My eyes have been opened to the vastness of the world, to the fact that, even if I spent every single day of my life traveling, I would never get to experience (or, in all likelihood, even know of the existence of) all of the countless cultures of the countless people who populate the earth. And yet, on nearly the exact the opposite side of the world from the place I call home, I experienced so many of what I like to call "small world moments" and found so many unexpected connections spanning the globe that I never felt very far away from home.
I feel humbled and comforted by the sameness of people all over the world, yet it was the small differences that began to wear on me day to day. It's one thing to travel within a different culture and another entirely to live within one. I may have said this before, but as an expat, no matter how much you try to go with the flow and accept the differences of your host culture, some things will just never be ok. You'll find things that, given your upbringing and cultural background, will always be unacceptable to you. I found quite a few of those things in Korean culture, as I'm sure I would have found in any culture so different from my own. Is it possible that living in abroad has actually made me less tolerant and, perhaps, more prejudiced? I'm hoping it's just a symptom of the fact that it's time to go home, and perhaps it's been time for a while now.

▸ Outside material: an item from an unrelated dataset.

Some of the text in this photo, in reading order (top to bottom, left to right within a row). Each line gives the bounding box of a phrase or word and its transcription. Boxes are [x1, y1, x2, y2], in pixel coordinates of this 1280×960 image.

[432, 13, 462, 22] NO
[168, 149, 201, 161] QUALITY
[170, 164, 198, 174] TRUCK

So now what? Well, thanks to the best thing that I found (or that found me) while living in Korea, I'm off to Ireland! Not for as long as I'd hoped, but long enough to at least start getting to know Paul's family, friends, and culture better than I could through stories and Skype chats. Then, fingers crossed, I'll be settling back in DC with an excellent job to await the start of Paul's grad school courses (more crossed fingers).

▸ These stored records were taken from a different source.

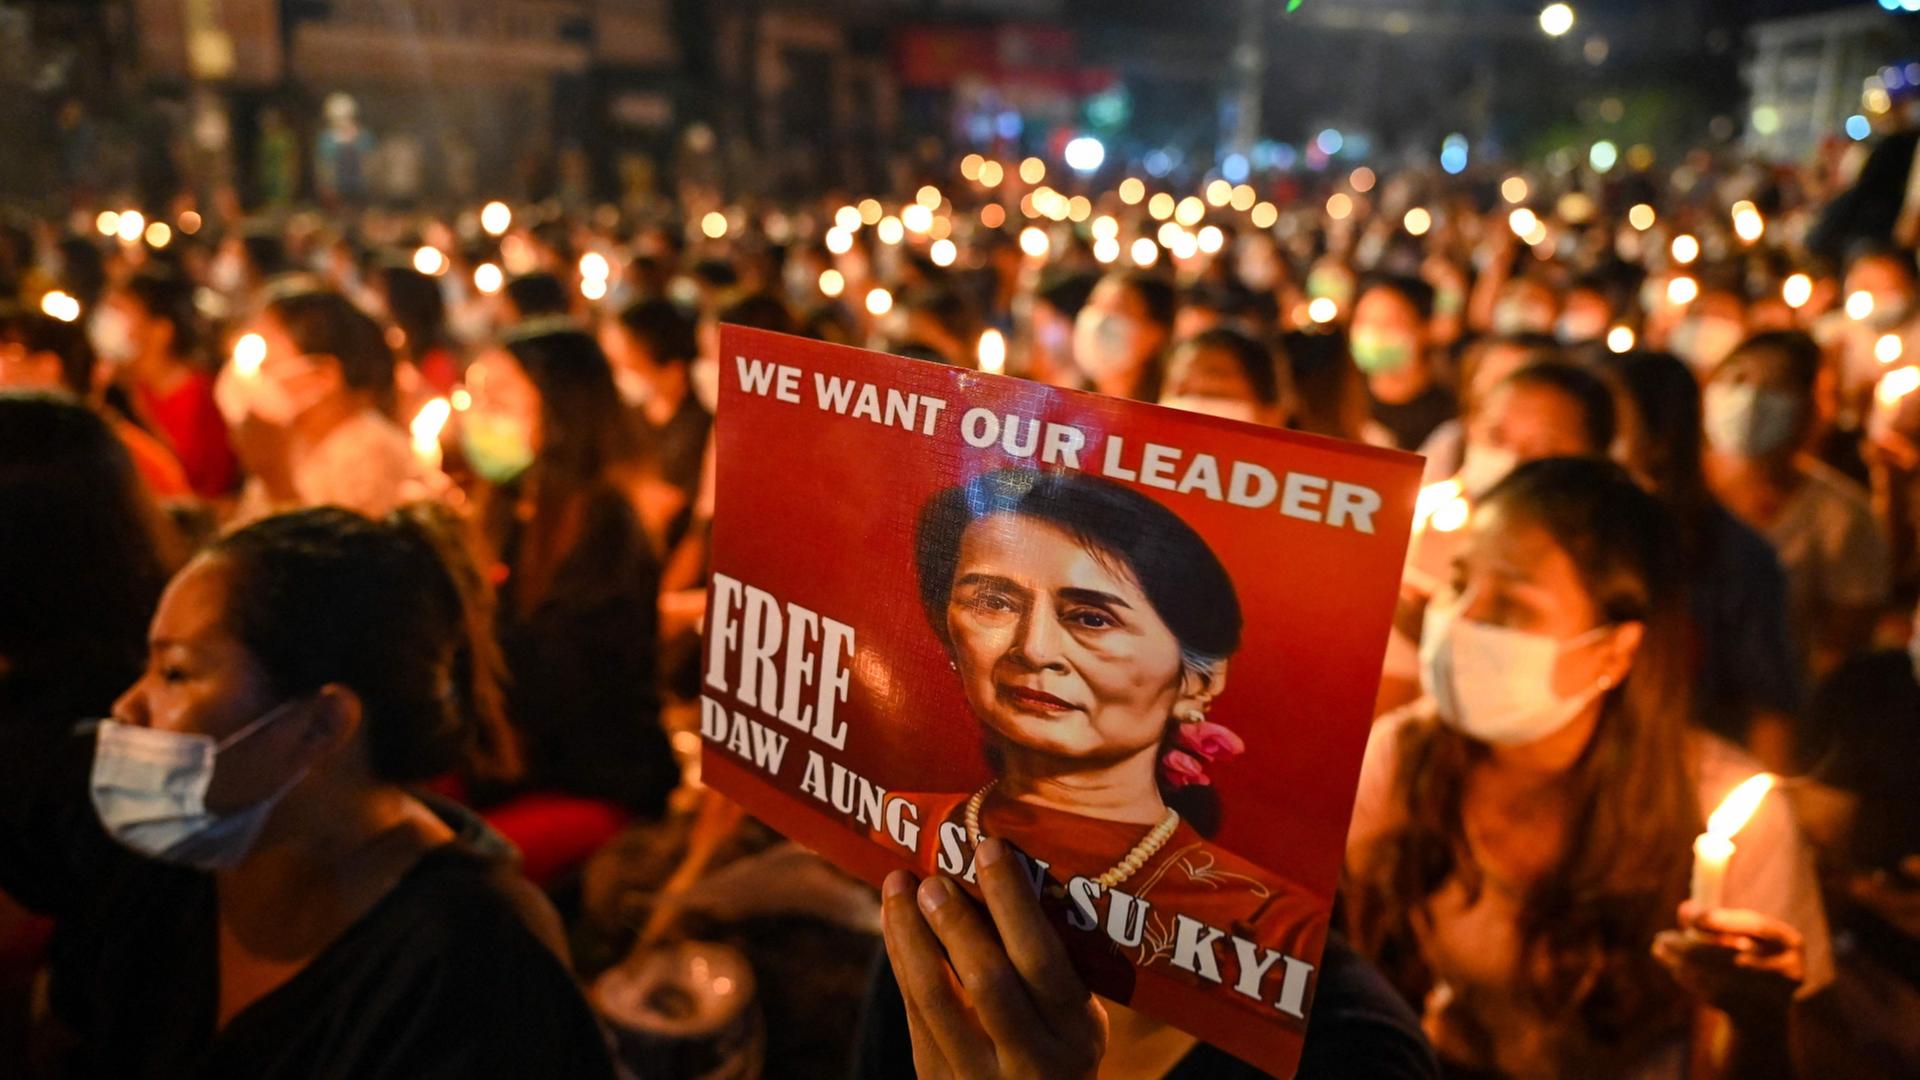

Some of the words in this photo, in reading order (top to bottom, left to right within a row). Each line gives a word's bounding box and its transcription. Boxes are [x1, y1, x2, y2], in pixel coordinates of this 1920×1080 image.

[736, 356, 802, 404] WE
[814, 372, 946, 436] WANT
[960, 407, 1086, 469] OUR
[1102, 435, 1382, 535] LEADER
[705, 572, 855, 751] FREE
[700, 694, 790, 776] DAW
[800, 750, 920, 853] AUNG
[1067, 876, 1150, 949] SU
[1170, 914, 1315, 1019] KYI

The other blessing I am leaving Korea with is the set of friends I would never have met if I had not come here. They have been my second family, and I know that, no matter where I travel, I am likely to run into a familiar face. The Korean greetings that are roughly translated as "hello" and "goodbye" have deeper meaning. They are, more literally, "Are you peaceful?" and "Go/stay in peace." So that's what I wish for the friends I've met in Korea - that you have peace in your hearts, and that you stay safe until we meet again. Notice I didn't say, "I hope we meet again" – I had best be seeing every last one of you again!